Write final answer in the provided space.
Unless specified, use a level of significance   0.05 for all statistical tests.
Test is worth 70% of final exam score; i.e., 70 points.
Probability
(1) Fill in both blanks. The smallest value a probability can be is ______ and the largest
value is ________, and any probability value stated outside of this range is a mistake.

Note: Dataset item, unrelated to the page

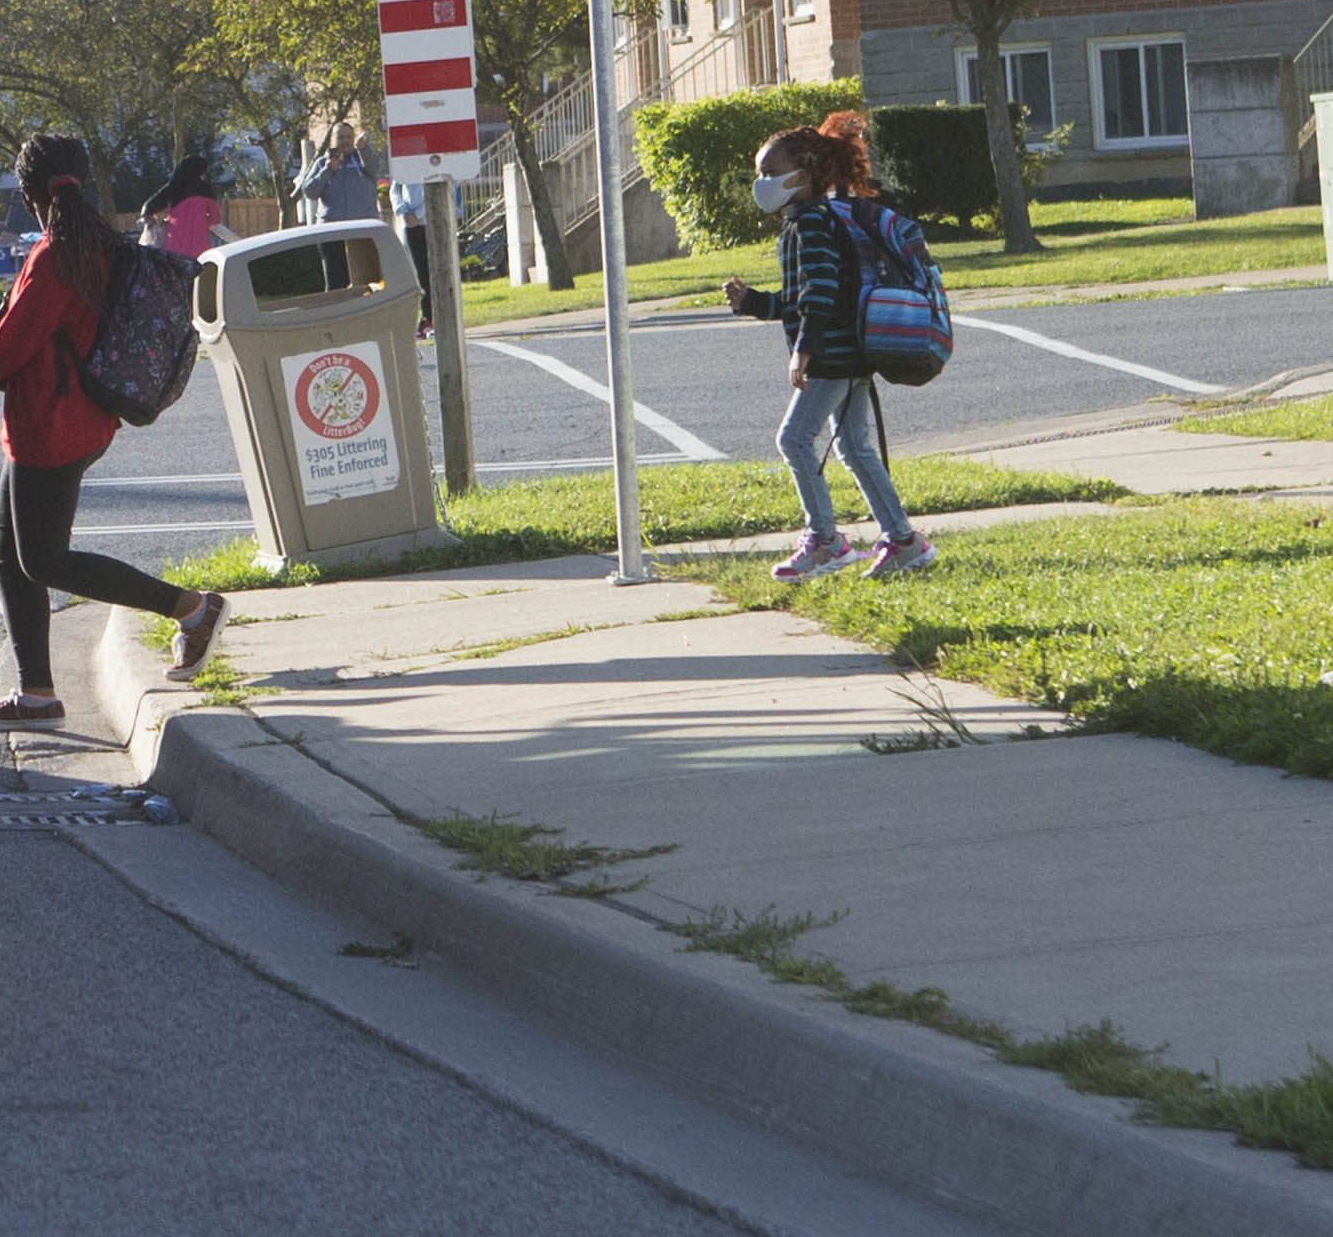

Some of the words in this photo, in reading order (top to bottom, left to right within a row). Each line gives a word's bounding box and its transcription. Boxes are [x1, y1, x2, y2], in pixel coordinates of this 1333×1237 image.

[305, 446, 335, 463] $305
[336, 437, 387, 457] Littering
[310, 465, 335, 479] Fine
[337, 452, 388, 474] Enforced

(2) Suppose the following probabilities among an animal population:
P( diseased | male ) = 0.2
P( diseased | female ) = 0.1
P( male ) = 0.30
P( female ) = 0.70
(2i) True or False: Disease and sex are independent. Defend your answer:_________
(2ii) If an animal were sampled at random, what is the probability of the animal being a
diseased male? Answer: ____________
(2iii) If an animal were sampled at random, what is the probability of the animal being
diseased? (Hint: Drawing a probability tree is one way to find the answer.)
Answer:____________
(3) Fill in both blanks. Suppose the height of men is shown by the density curve below.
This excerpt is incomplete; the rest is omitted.